Top of PROVIDED ENTRIES

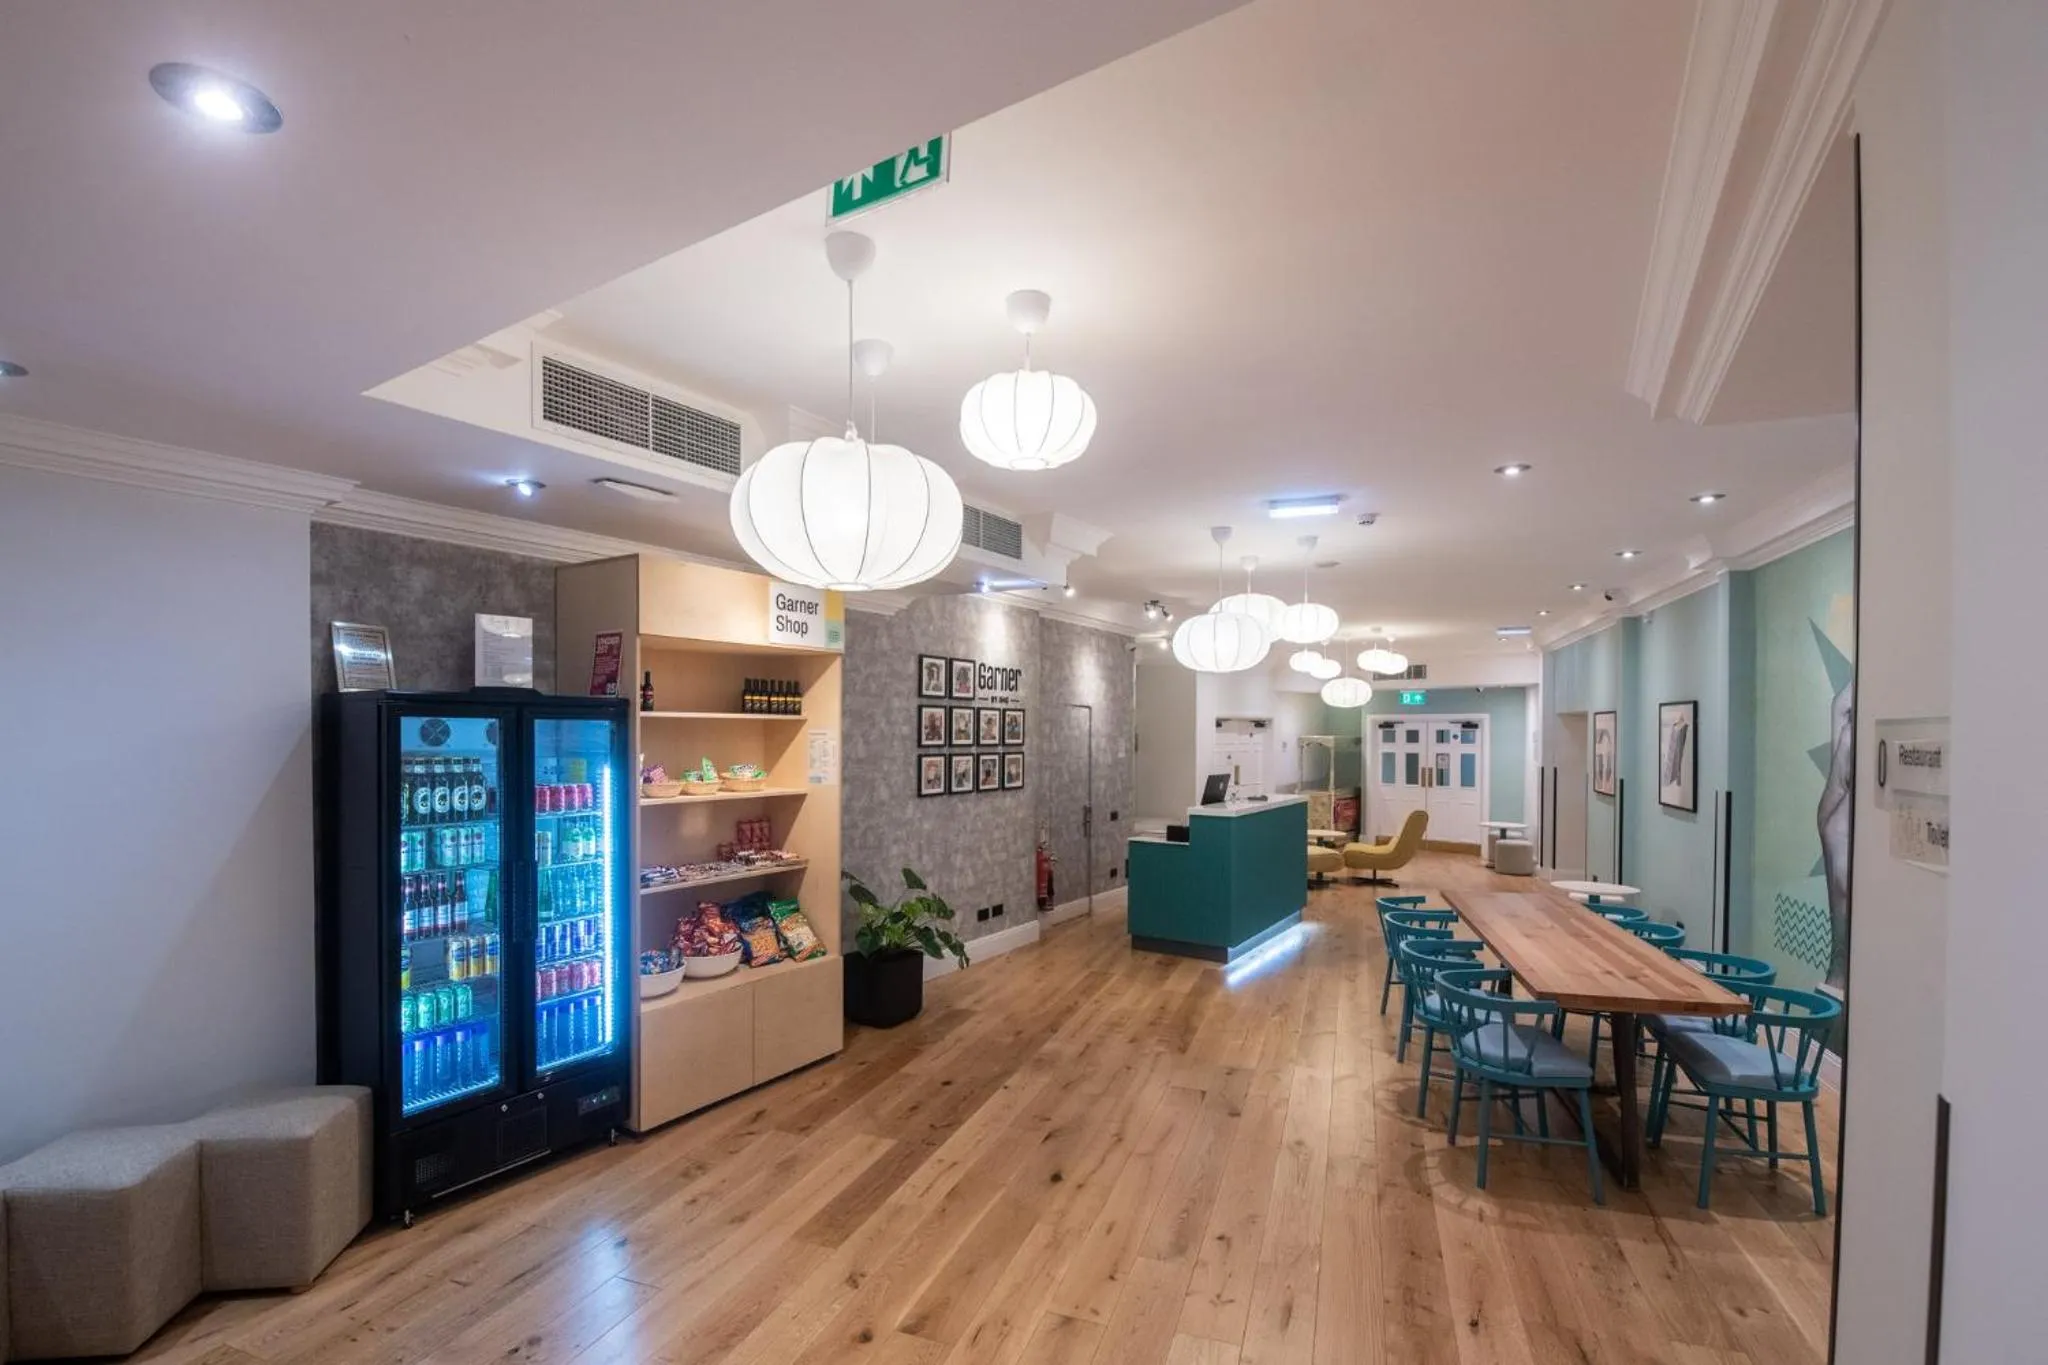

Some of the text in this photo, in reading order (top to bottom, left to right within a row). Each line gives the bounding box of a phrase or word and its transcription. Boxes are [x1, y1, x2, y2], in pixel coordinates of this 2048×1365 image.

[776, 593, 819, 615] Garner
[776, 614, 808, 638] Shop
[978, 661, 1022, 692] Garner
[1899, 744, 1942, 768] Restaurant

Bottom of PROVIDED ENTRIES

== WHAT IS REQUIRED ==
Exact copy, no pictures: please print the data above once more.

== RESPONSE ==
Some of the text in this photo, in reading order (top to bottom, left to right within a row). Each line gives the bounding box of a phrase or word and its transcription. Boxes are [x1, y1, x2, y2], in pixel coordinates of this 2048×1365 image.

[776, 593, 819, 615] Garner
[776, 614, 808, 638] Shop
[978, 661, 1022, 692] Garner
[1899, 744, 1942, 768] Restaurant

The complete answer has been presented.